Many of us believe that the Iranian people are ultimately friendly to the State of Israel and to the Jewish people. We even followed the doctrines of Shia Islam. We have had very positive relations with Shia, for example, in southern Lebanon. So I don’t think that we want to paint all Shiites with the same paintbrush as hostile to us. This comes from Ayatollah Khamenei and his various doctrines which influenced an elite, which includes the Islamic Revolutionary Guard Corps, the IRGC. It presents a challenge to our security, it presents a challenge to the security of Bahrain, of the UAE, of Saudi Arabia and many other countries.

Let them clarify what their doctrine is.

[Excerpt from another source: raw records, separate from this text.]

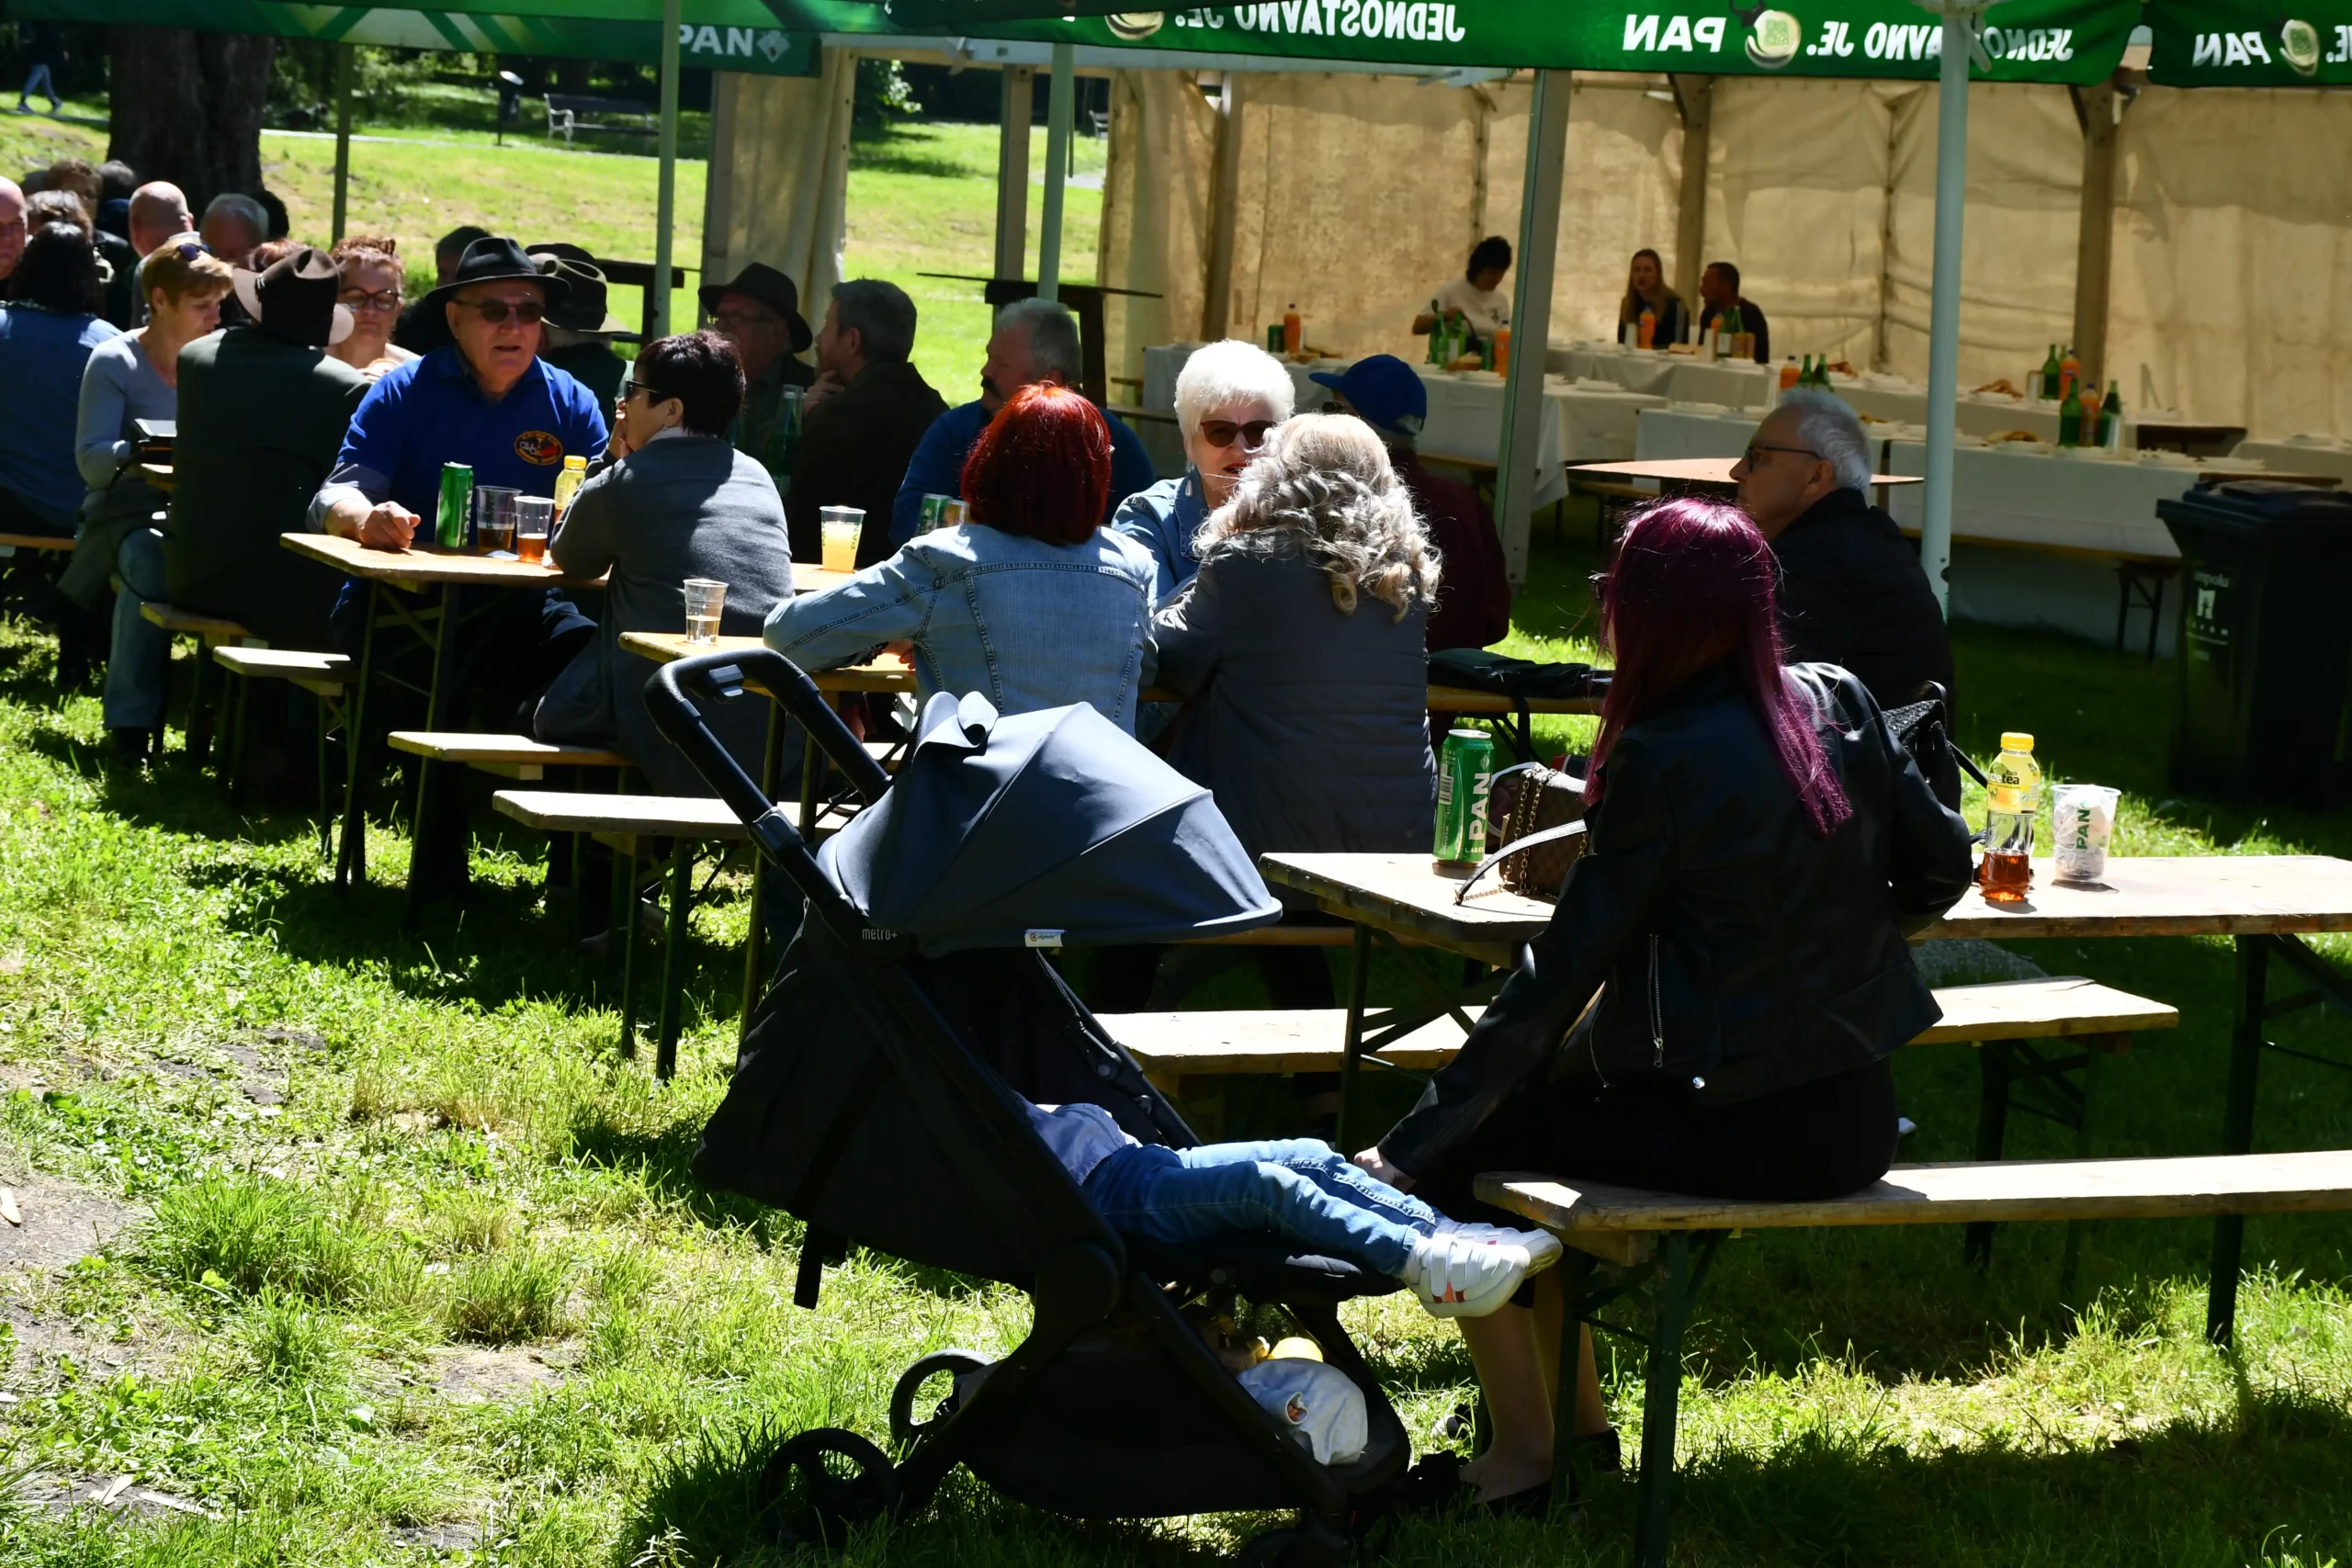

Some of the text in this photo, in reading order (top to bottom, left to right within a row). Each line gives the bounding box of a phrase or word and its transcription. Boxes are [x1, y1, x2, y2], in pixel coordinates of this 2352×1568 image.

[679, 24, 753, 57] PAN
[851, 522, 860, 549] PAN
[1469, 773, 1491, 840] PAN
[2075, 809, 2091, 850] PAN
[862, 928, 898, 941] metro+

If their doctrine is hostile to us, at least we know what we’re dealing with.

***

A few years ago I had to have eye surgery and I went to Hadassah Hospital to have that done. My doctor was a Palestinian Arab trained in Jordan. The eye, which is the most sensitive part of your body, if you think of where you’re going to have surgery, do you want to really have your eye operated on by someone who belongs to a national grouping that might be hostile to you? It shows the confidence that we really have in each other. If you go to Hadassah Hospital and you go to the emergency room – and when you come to Israel I’ll take you there personally – you will see Palestinian doctors taking care of Jewish patients and Jewish doctors taking care of Palestinian patients. And those who use the word apartheid against Israel may be very fashionable at Berkeley, Amherst or Cambridge, but they are totally distorting the reality that we live, and my eyes attest to that. So I ask you to study the issue before you speak on it.